Task to carry out — Strip out the pictures and output each remaining line of the data word for word.

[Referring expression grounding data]
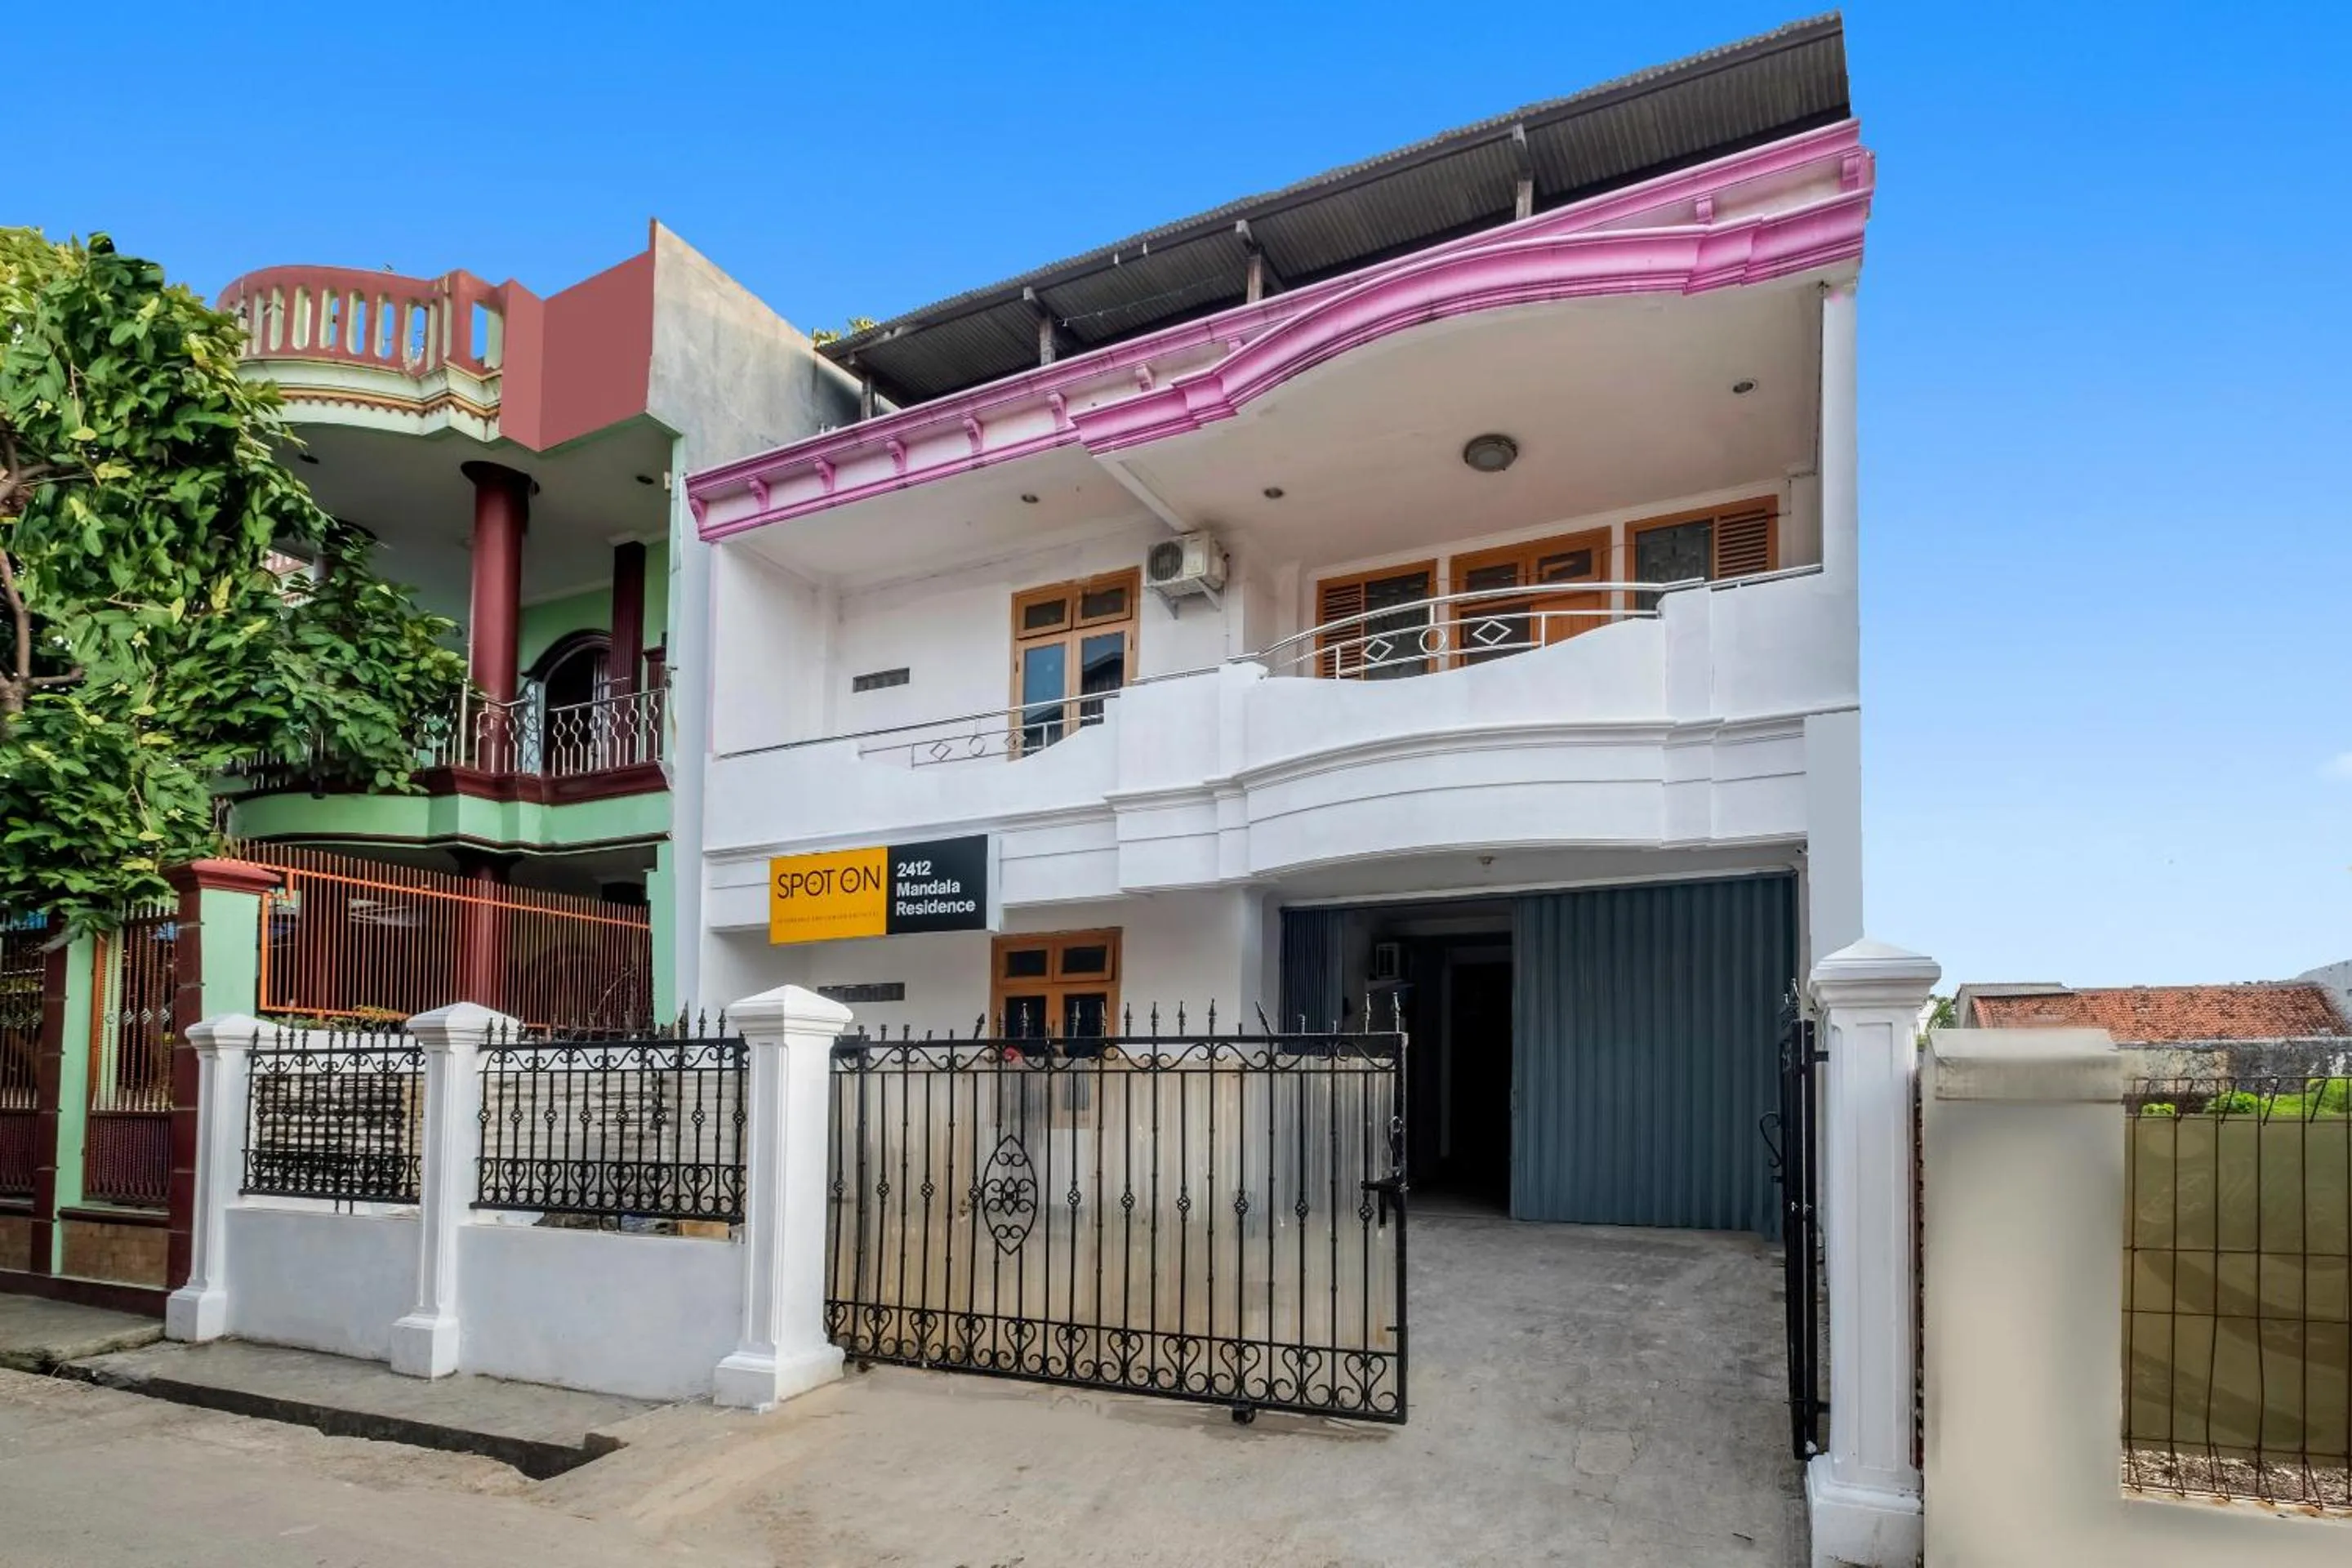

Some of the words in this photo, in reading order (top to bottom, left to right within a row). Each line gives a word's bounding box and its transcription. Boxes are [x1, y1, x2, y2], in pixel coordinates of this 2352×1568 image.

[897, 860, 931, 877] 2412
[777, 868, 836, 899] SPOT
[840, 866, 880, 893] ON
[896, 880, 960, 898] Mandala
[896, 899, 976, 916] Residence

Exercise solution —
Some of the words in this photo, in reading order (top to bottom, left to right within a row). Each line gives a word's bounding box and its transcription. Boxes are [x1, y1, x2, y2], in pixel coordinates of this 2352×1568 image.

[897, 860, 931, 877] 2412
[777, 868, 836, 899] SPOT
[840, 866, 880, 893] ON
[896, 880, 960, 898] Mandala
[896, 899, 976, 916] Residence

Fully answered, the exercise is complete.